It’s that time of the year, shortly before a presidential election with control of Congress also on the line. The American Jewish community is, as usual, asking a perennially problematic question: Which candidate will be best for Israel? For the last 26 years, as executive director of a Jewish communal relations organization and as someone with a Ph.D. in political science and a particular expertise in the politics of the Middle East and American foreign policy, I have always been able to answer that question relatively easily: As Israel’s only reliable ally, what is best for Israel is what is best for America. A strong, reliable United States reinforces and enhances Israel’s safety and security in a very insecure world.
Using that variable as the primary factor in determining voting choice should help alleviate concerns about divided loyalties and/or confused responses from those who may ask the question. But, too often, that is not the case. For example, while Republicans and Democrats are both increasingly concerned about Donald Trump as a serious national security challenge, too many in the Jewish community remain complacent about Trump’s background and perceived unquestioning support of Israel’s hardline policies regardless of how they may negatively impact American national interests.
Traditionally, when the national security establishment converges on a foreign policy recommendation to the president, we expect them to bring acquired knowledge, empathy, common sense and rational thought to its final shape. For instance, when the primary actor, i.e. the president, brings few of these variables to the table, the process is flawed, and a poor outcome is likely to result.
In fact, following many years of historical research and the conducting of countless interviews with former and contemporary policymakers, I have found no evidence that presidents and/or their senior colleagues act upon these issues in a manner that is — first and foremost — contrary to their perception of American national security.
But, other factors often intrude that can have a major factor in shaping the policy-making process. Be it religiosity, domestic and/or bureaucratic politics, or simply a belief in the “righteousness” of the cause, a president’s worldview almost always becomes structured in a manner that can justify action in order to protect the nation’s interests regardless of the many other variables that may actually intrude when making decisions.
While Presidents Eisenhower, Kennedy, Nixon, Carter, Ford, Bush I and II, and Obama rarely shifted from a security-oriented modus operandi as they sought to determine Middle East policy, different presidents were strongly influenced by other significant concerns. With Harry Truman, for example, biblical influences and a sincere “desire to do what’s right,” moved him to find a haven for Jewish refugees from the Holocaust in a newly created and recognized Jewish state. For Lyndon Johnson and Bill Clinton, personal relationships reinforced their security concerns. In terms of our current presidential candidates, while Hillary Clinton brings years of involvement in dealing with Arab and Israeli leaders, Trump has no such experience and has yet to indicate any real understanding of Middle Eastern history and present problems.

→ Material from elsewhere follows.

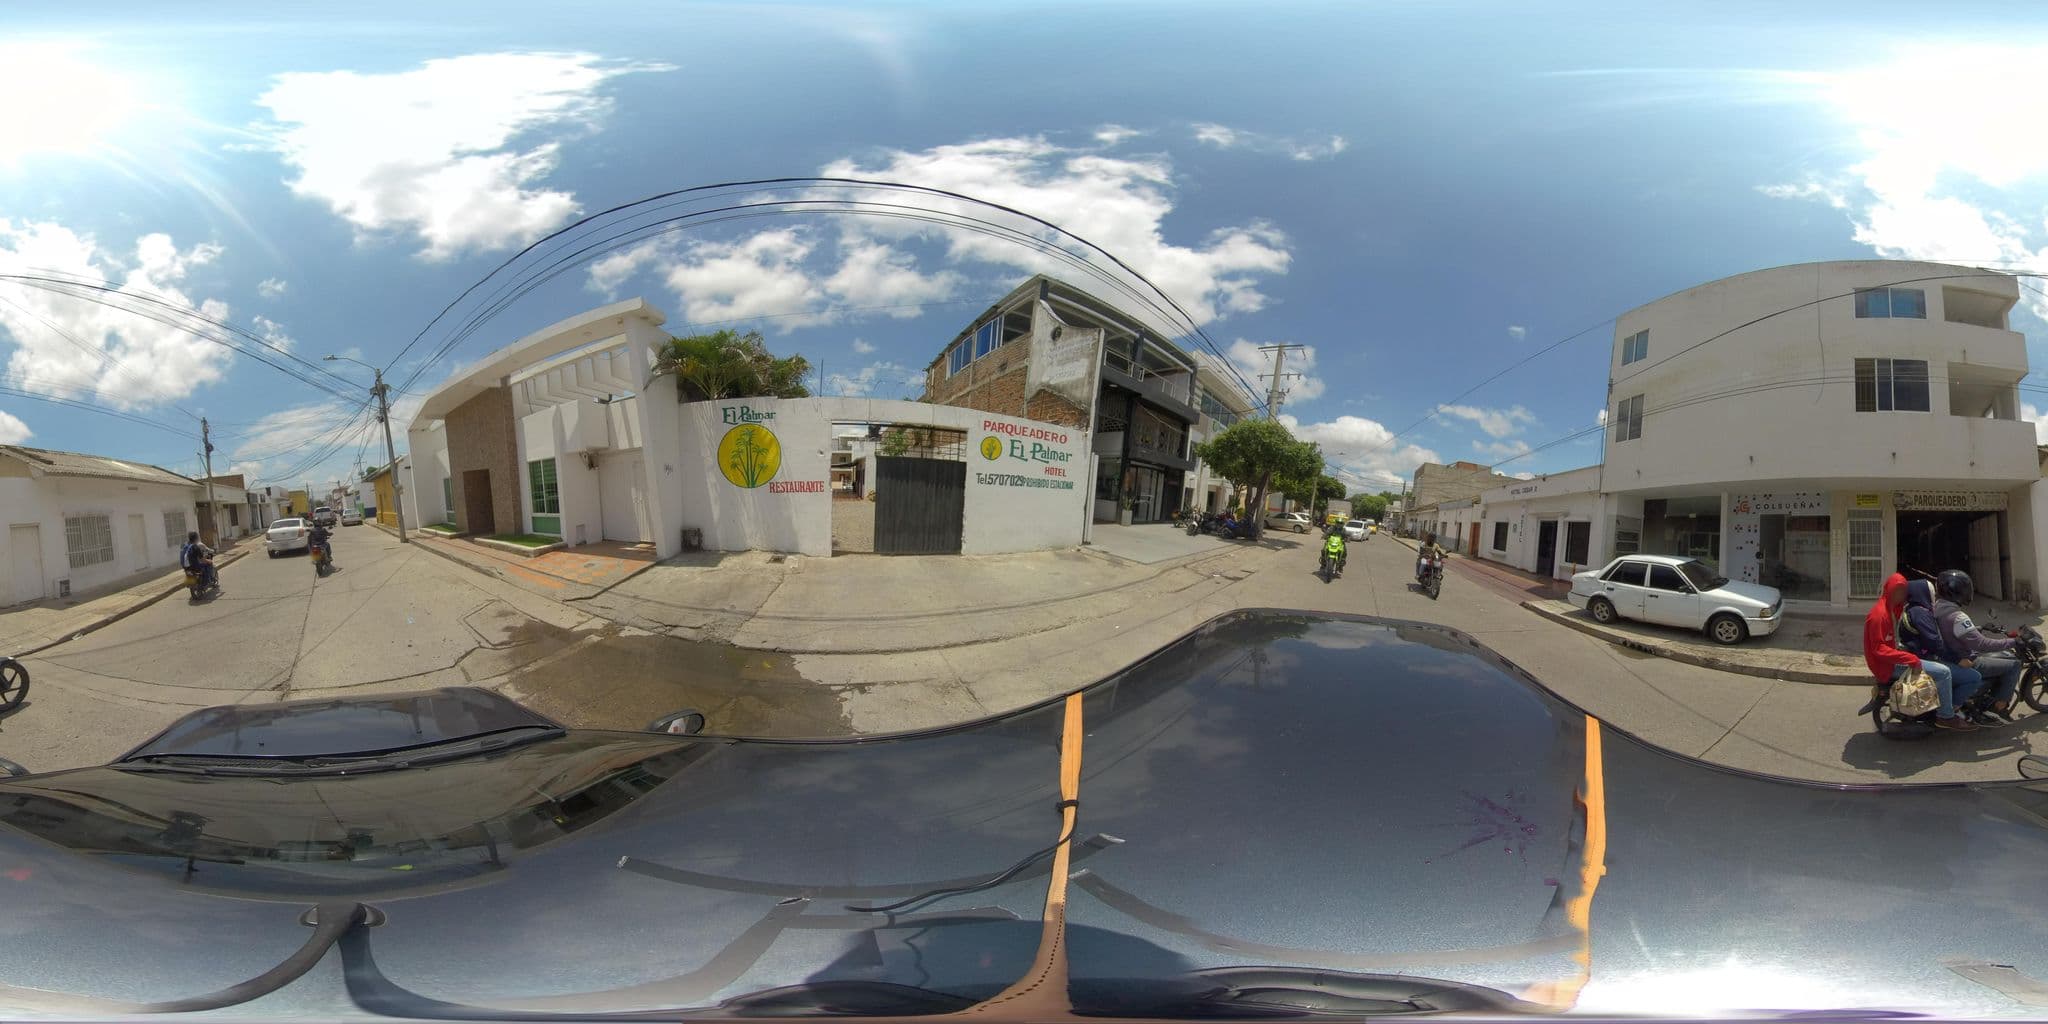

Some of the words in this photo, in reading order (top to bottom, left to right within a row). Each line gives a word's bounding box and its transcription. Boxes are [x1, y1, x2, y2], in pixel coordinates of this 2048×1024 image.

In addition, as the Republican standard bearer, Trump has gone along with his party’s move away from a two-state solution for Israel and the Palestinians. Now, the Republican Party platform calls for a “one-state” solution that imposes Israeli control over the Palestinians into the future.
While that stand may pander to some in the American Jewish community as insuring Israel’s security, national security experts in both Israel and the United States would argue otherwise. For them, a one-state solution would create an “apartheid”-like situation in which public support for Israel would diminish by the day, leaving her a pariah state that is increasingly isolated on the world stage. In turn, more regional and localized conflicts would likely arise as Israel’s enemies take advantage of her reduced international support.
So, American Jews (like all Americans), should ponder their choices come election day wisely: who do they trust to make decisions that are in America’s interests first and foremost, interests that should be guided by policies developed from reasoned thought, a strategic understanding of the world (including the need to maintain American commitments globally), and a recognition that a secure America is a well-led America? That answer should not be difficult to discern.
Arthur C. Abramson, Ph.D., is the former executive director of the Baltimore Jewish Council.